About this exercise:
Print out all of the data below, keeping it identical to the original.

Source data
● ● ● ● ●

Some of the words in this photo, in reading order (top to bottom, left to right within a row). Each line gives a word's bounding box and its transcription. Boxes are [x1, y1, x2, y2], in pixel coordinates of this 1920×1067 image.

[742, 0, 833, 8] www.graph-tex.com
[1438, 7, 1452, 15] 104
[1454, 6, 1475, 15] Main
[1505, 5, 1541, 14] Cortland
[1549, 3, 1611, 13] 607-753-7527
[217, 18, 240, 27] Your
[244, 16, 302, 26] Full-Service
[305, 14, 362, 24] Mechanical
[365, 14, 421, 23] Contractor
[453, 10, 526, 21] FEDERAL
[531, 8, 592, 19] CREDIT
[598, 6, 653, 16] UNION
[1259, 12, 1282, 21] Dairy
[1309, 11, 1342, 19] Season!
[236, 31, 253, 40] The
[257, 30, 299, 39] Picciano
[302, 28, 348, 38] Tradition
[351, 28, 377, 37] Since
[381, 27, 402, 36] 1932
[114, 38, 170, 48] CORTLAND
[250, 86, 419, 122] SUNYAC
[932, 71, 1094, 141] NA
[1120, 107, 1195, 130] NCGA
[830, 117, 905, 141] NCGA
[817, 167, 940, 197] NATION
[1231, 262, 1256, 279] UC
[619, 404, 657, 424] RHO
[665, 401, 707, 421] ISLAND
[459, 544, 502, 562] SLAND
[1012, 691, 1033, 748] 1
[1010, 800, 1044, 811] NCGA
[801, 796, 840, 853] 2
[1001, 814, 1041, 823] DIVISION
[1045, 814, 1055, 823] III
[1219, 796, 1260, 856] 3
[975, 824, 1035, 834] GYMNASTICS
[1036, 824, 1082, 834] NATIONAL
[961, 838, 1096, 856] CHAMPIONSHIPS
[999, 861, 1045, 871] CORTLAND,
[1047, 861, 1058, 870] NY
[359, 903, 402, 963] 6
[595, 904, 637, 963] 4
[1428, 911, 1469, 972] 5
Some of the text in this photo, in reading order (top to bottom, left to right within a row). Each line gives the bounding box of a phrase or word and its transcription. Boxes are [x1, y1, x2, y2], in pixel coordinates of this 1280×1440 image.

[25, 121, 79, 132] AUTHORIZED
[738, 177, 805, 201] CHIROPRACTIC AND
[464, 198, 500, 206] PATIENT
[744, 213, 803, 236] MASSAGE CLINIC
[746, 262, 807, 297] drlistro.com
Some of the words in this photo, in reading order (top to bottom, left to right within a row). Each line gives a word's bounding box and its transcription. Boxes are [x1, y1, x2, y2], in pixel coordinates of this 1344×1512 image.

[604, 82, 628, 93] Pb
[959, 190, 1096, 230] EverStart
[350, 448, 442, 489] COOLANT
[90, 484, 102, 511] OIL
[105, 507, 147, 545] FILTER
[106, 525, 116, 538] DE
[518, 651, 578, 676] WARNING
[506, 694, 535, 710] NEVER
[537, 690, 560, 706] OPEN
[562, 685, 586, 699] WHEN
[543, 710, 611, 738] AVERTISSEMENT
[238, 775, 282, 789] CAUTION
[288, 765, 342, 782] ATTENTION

● ● ● ● ●

Answer:
Some of the words in this photo, in reading order (top to bottom, left to right within a row). Each line gives a word's bounding box and its transcription. Boxes are [x1, y1, x2, y2], in pixel coordinates of this 1920×1067 image.

[742, 0, 833, 8] www.graph-tex.com
[1438, 7, 1452, 15] 104
[1454, 6, 1475, 15] Main
[1505, 5, 1541, 14] Cortland
[1549, 3, 1611, 13] 607-753-7527
[217, 18, 240, 27] Your
[244, 16, 302, 26] Full-Service
[305, 14, 362, 24] Mechanical
[365, 14, 421, 23] Contractor
[453, 10, 526, 21] FEDERAL
[531, 8, 592, 19] CREDIT
[598, 6, 653, 16] UNION
[1259, 12, 1282, 21] Dairy
[1309, 11, 1342, 19] Season!
[236, 31, 253, 40] The
[257, 30, 299, 39] Picciano
[302, 28, 348, 38] Tradition
[351, 28, 377, 37] Since
[381, 27, 402, 36] 1932
[114, 38, 170, 48] CORTLAND
[250, 86, 419, 122] SUNYAC
[932, 71, 1094, 141] NA
[1120, 107, 1195, 130] NCGA
[830, 117, 905, 141] NCGA
[817, 167, 940, 197] NATION
[1231, 262, 1256, 279] UC
[619, 404, 657, 424] RHO
[665, 401, 707, 421] ISLAND
[459, 544, 502, 562] SLAND
[1012, 691, 1033, 748] 1
[1010, 800, 1044, 811] NCGA
[801, 796, 840, 853] 2
[1001, 814, 1041, 823] DIVISION
[1045, 814, 1055, 823] III
[1219, 796, 1260, 856] 3
[975, 824, 1035, 834] GYMNASTICS
[1036, 824, 1082, 834] NATIONAL
[961, 838, 1096, 856] CHAMPIONSHIPS
[999, 861, 1045, 871] CORTLAND,
[1047, 861, 1058, 870] NY
[359, 903, 402, 963] 6
[595, 904, 637, 963] 4
[1428, 911, 1469, 972] 5
Some of the text in this photo, in reading order (top to bottom, left to right within a row). Each line gives the bounding box of a phrase or word and its transcription. Boxes are [x1, y1, x2, y2], in pixel coordinates of this 1280×1440 image.

[25, 121, 79, 132] AUTHORIZED
[738, 177, 805, 201] CHIROPRACTIC AND
[464, 198, 500, 206] PATIENT
[744, 213, 803, 236] MASSAGE CLINIC
[746, 262, 807, 297] drlistro.com
Some of the words in this photo, in reading order (top to bottom, left to right within a row). Each line gives a word's bounding box and its transcription. Boxes are [x1, y1, x2, y2], in pixel coordinates of this 1344×1512 image.

[604, 82, 628, 93] Pb
[959, 190, 1096, 230] EverStart
[350, 448, 442, 489] COOLANT
[90, 484, 102, 511] OIL
[105, 507, 147, 545] FILTER
[106, 525, 116, 538] DE
[518, 651, 578, 676] WARNING
[506, 694, 535, 710] NEVER
[537, 690, 560, 706] OPEN
[562, 685, 586, 699] WHEN
[543, 710, 611, 738] AVERTISSEMENT
[238, 775, 282, 789] CAUTION
[288, 765, 342, 782] ATTENTION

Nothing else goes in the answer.